With More Marketing Data Sources in 2023, Watch Out for These 3 Pitfalls

By Bobby Atefi

More data means more insights. At least, that seems to be the presumption behind a recent Salesforce survey of 6,000 marketers about 2023. The research finds that brands are looking to greatly diversify their data sources, from identity data to transactional records. From 10 sources on average in 2021 to 15 in 2022, they anticipate increasing to 18 sources this year.

Upping data diversity is a wise move, especially considering data deprecation from Apple policy changes, GDPR and more. But more data also means more complexity and noise to contend with. More data means brands have more work to do, like determining what to do when data conflicts, and how to roll more types of records into a single customer profile. All of that can lead to confusion and misalignment.

When working with multiple sources of data, here are three key challenges that marketers will need to consider:

  • Same person, different data. More than a quarter of Americans have over four email addresses. Meanwhile, the average U.S. household has 22 connected devices. That's a lot of signals per person. With different sources for the data and potentially different platforms handling all of them, brands will need a system in place to deduplicate and reconcile across the records.

    For a simple example, a customer could sign up to a brand's loyalty program with the email jdoe@xyz.com but subscribes to a newsletter with janed@abc.com. The company needs to recognize that those two email addresses and all the data that's appended to them both tie back to one individual. If not, they may be subject to problems like missteps in customer journey management and wasted spending when it comes to frequency capping.

  • More data to corral.

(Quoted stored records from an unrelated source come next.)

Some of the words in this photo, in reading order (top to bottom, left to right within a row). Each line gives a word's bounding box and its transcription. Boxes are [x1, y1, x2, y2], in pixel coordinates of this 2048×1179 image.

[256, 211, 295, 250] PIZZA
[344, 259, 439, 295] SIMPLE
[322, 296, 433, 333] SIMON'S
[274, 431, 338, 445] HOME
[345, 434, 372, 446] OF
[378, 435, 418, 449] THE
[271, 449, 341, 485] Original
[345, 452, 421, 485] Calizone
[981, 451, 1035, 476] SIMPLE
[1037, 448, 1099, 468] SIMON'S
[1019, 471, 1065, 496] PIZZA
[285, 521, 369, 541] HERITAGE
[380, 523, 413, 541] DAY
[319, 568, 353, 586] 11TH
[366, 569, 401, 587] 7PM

Pulling data from more outlets also takes extensive data cleanup and standardization for accurate connections and comparisons. This sounds like a minor detail, but it's mission-critical for building a single record from multiple sources that may notate information like timestamps and location differently.

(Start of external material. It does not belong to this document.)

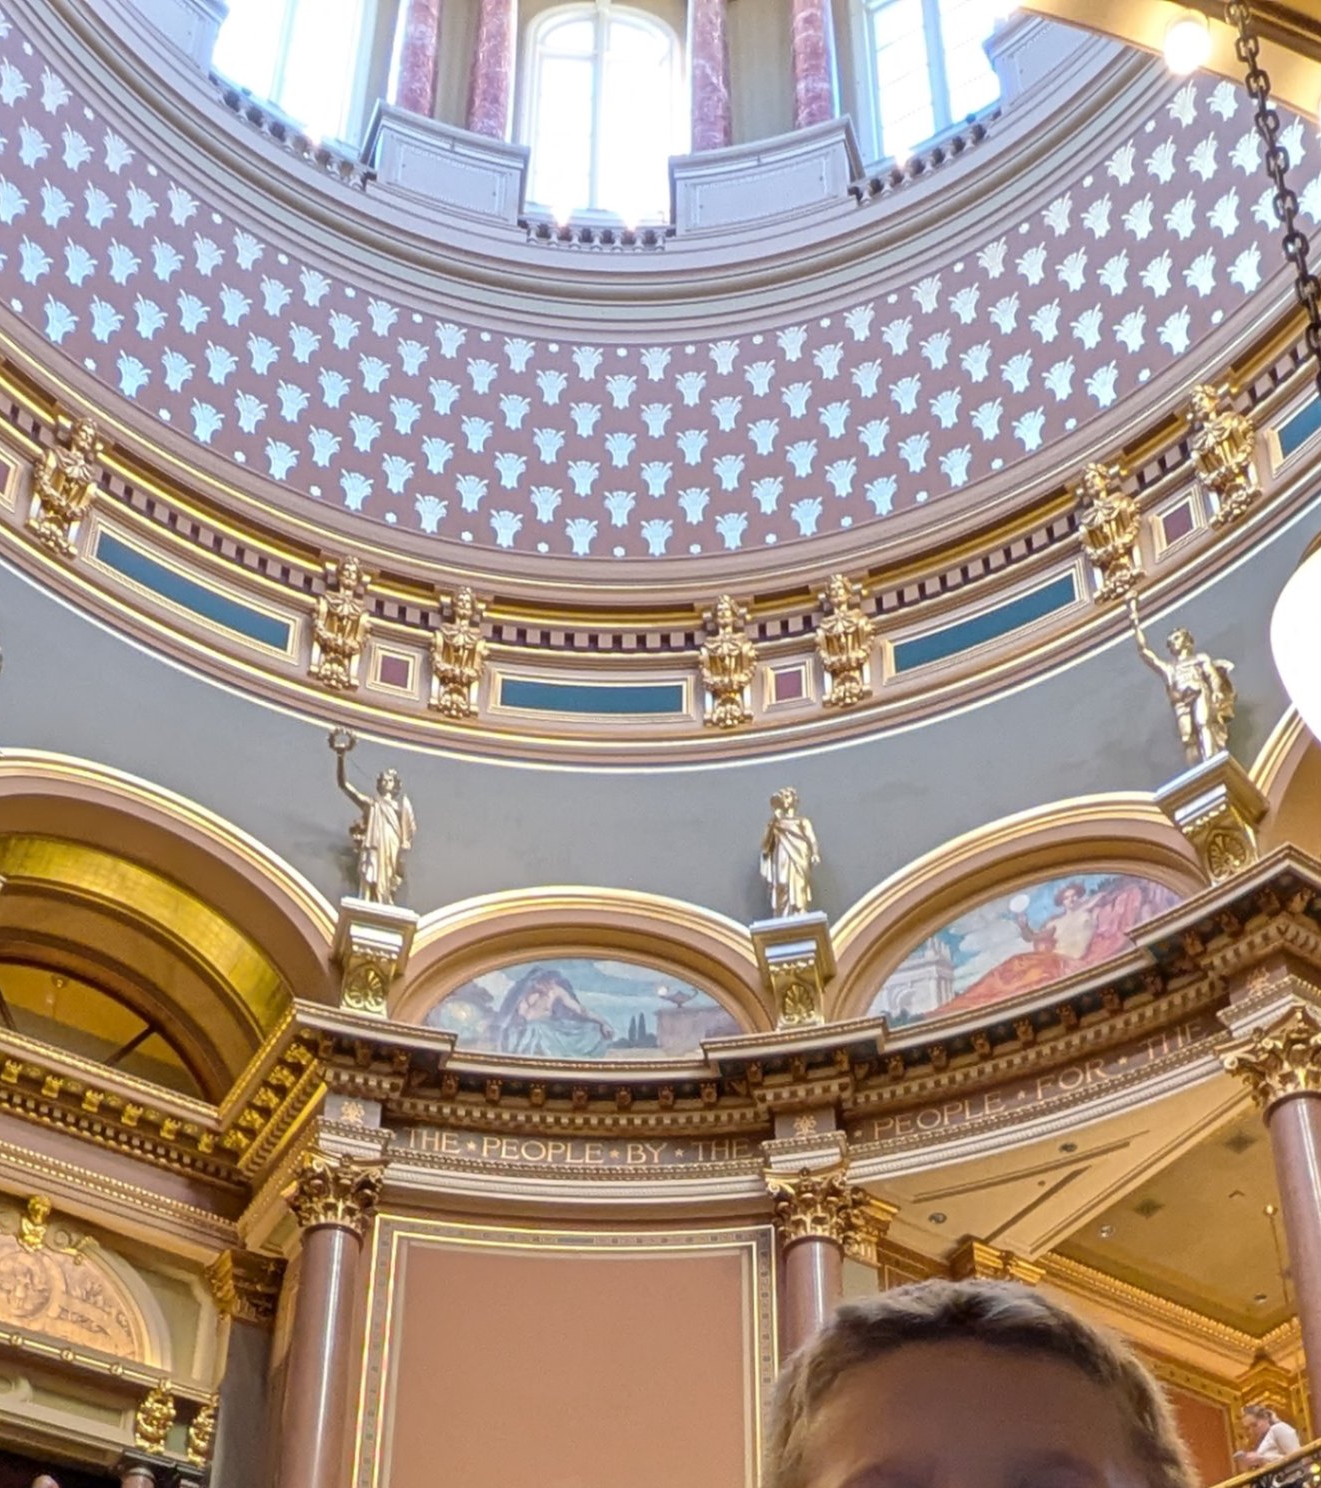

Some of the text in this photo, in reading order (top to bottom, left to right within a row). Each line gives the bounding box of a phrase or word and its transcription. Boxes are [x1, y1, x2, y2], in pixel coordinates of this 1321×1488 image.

    For many companies, using more types of data will also mean higher data volume – which means more work filtering out bad data, from dummy addresses like "test@test.com" to IP addresses loaded in unusable formats. Companies must establish processes and automation to handle that prep work (technically called data wrangling) so that more data yields sharper understanding – not more confusion.

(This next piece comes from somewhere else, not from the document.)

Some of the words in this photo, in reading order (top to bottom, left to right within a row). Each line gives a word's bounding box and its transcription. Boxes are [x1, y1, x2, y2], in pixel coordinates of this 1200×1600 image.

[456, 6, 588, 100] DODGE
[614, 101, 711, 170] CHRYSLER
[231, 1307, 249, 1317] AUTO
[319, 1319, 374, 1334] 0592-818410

  • Overconnected Identifiers. Starbucks gets an average of 500 customers per store per day in the U.S. Customers enter common locations constantly – and often share the same Wi-Fi when they do. Friends and relatives regularly share login credentials across households, and share devices within a household.

    To be sure, multiple data sources can strengthen data models by providing more reference points to work from. But many data points can also have a "hall of mirrors" effect – making already muddy connections even more opaque. Without the right approach, it's possible to mistakenly assume that all activity on the devices that logged in at that location are a single household—a presumption that can lead to interpreting data signals incorrectly.

    Over-connectedness is just one example of data issues that require an inquisitive approach, by asking questions like "how many devices are in a typical household?" or "how long and how often are devices typically logged into that location?" Thus, companies will be much more effective at using data.

When it comes to data sources, more information can mean more power, but potentially also more confusion, errors, and missed opportunities. One takeaway from all this is that identity resolution, which can provide a single, accurate view of the user across the many available data sets and records, is only becoming more critical as the data landscape evolves.

Identity resolution has several layers, and companies are well served to take them all into account. While a CDP or cloud partner can help resolve two different data sets that share a similar "match key" like a first party cookie or email address, companies will be left with gaps and a lack of scale.

To get a richer picture of their audience and to have what they need for targeting at scale, they also need to resolve disparate data sets that don't have a match key. This requires access to an identity graph among other things. Luckily, as identity becomes a bigger part of the advertising landscape, more partners are building these capabilities and are becoming aware of the need for more robust identity resolution. Companies need to seek out partners that understand the scope of the work that needs to be done to manage data effectively and accurately.

The data explosion is coming right at a time where companies are interested in harnessing the power of data. While "more is more" isn't the answer, brands will still need to deal with huge amounts of data in near real-time to get identity to work at scale. Being able to manage lots of data safely, have trusted partners, and a way to resolve data accurately are foundational elements of success.

The views and opinions expressed are solely those of the contributor and do not necessarily reflect the official position of the ANA or imply endorsement from the ANA.

Bobby Atefi is chief data scientist of MediaWallah.